Now some of my favorite moments are during nursing her! She constantly has her hand up on my face, playing with my lips, grabbing my nose etc! Every once in a while I'll grab her hands with my mouth and kind of bite down on it and she loses it!! Thinks it's the funniest thing ever! Also when she started biting someone advised me to kinda squish her face into my boob to stop that habit, I also found out that she thinks that is the funniest thing in the world-doesn't help the biting but brings some giggles! Her smiles with half of my boob hanging out of her mouth are my favorite smiles!! I am so grateful that our nursing relationship did a complete 180! 


Wow if you read that all you deserve an award! And please don’t judge me for hating something that is supposed to be “natural and beautiful” yes it was both of those! But it is also really really hard sometimes!

If you are struggling or not struggling and just want an AWESOME resource for breastfeeding @lactationlink on Instagram is so so helpful! Answers FAQ's but also can offer a more personalized help! She teaches classes in person if you are in Utah County, or online!! I will definitely be taking one with my next baby because I am still learning new things about nursing everyday!! Here are her links! 

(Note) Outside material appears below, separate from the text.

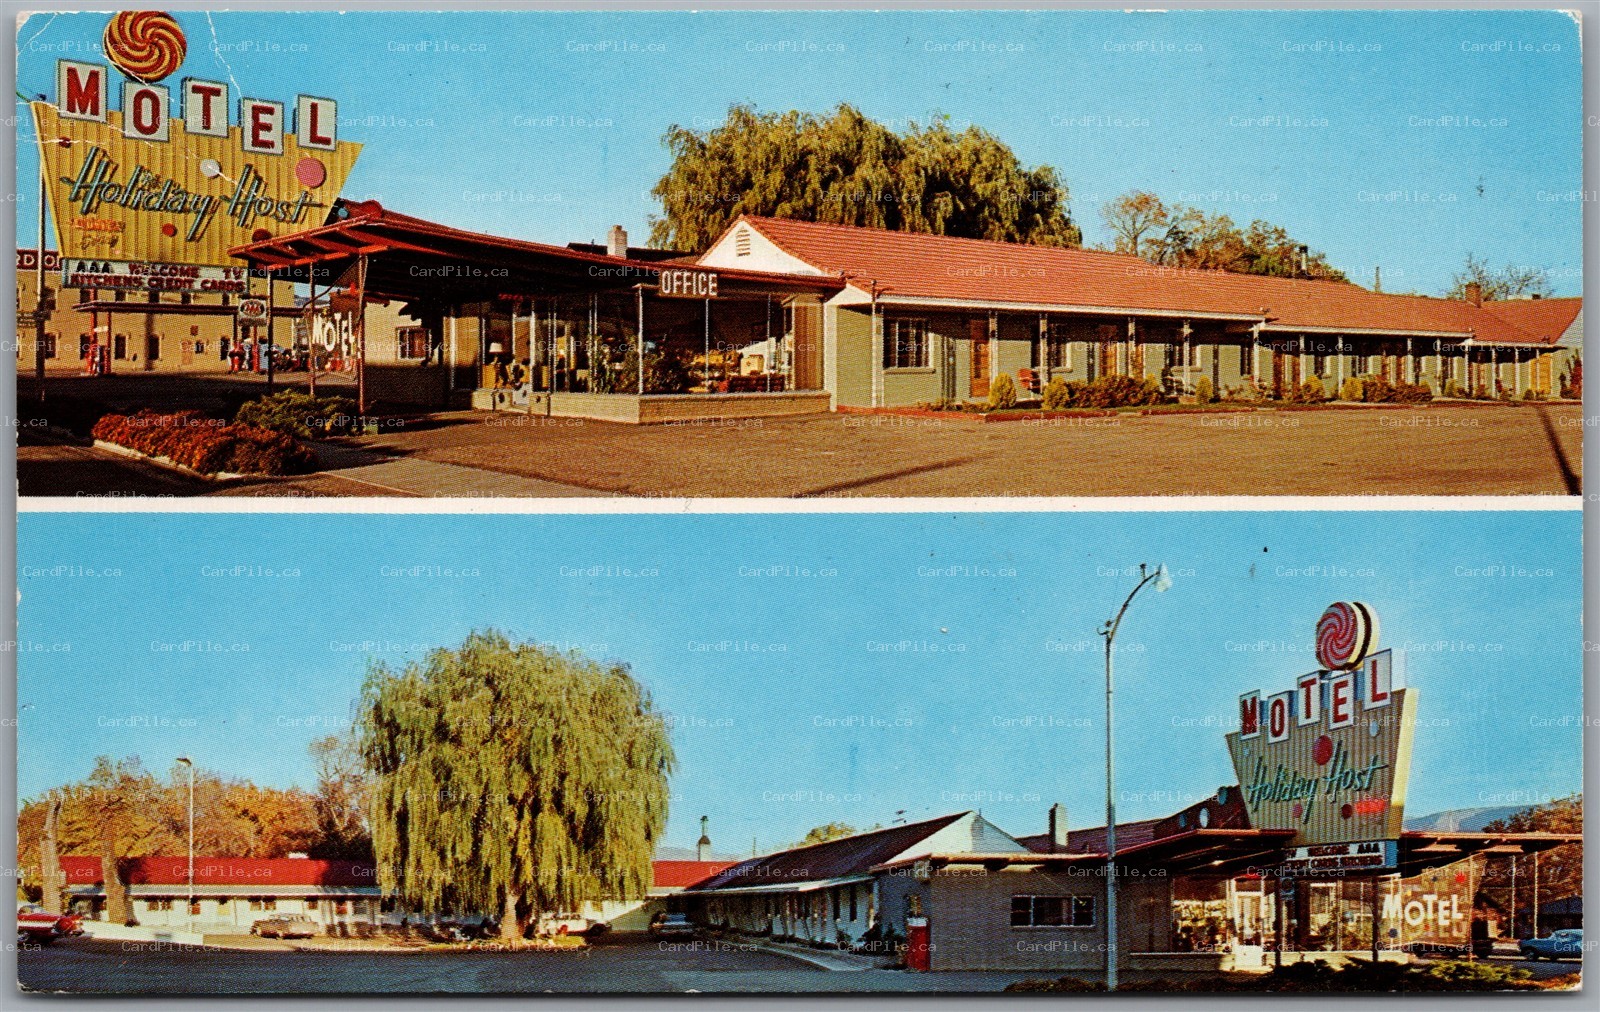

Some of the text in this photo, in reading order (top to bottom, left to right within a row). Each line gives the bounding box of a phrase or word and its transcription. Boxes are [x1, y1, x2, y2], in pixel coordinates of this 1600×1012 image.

http://www.eventbrite.com/o/lindsey-shipley-7842147438

Her website:
www.lactationlink.com

Insta: @lactationlink
Fb: www.facebook.com/lactationlink

Comments

  1. Great post! Your an amazing Mama! I've been working on my BF story for a a while, and have been a little nervous to post. we are almost 7 months strong too :) (Although I never thought we would have made it this far in the beginning) You have inspired me!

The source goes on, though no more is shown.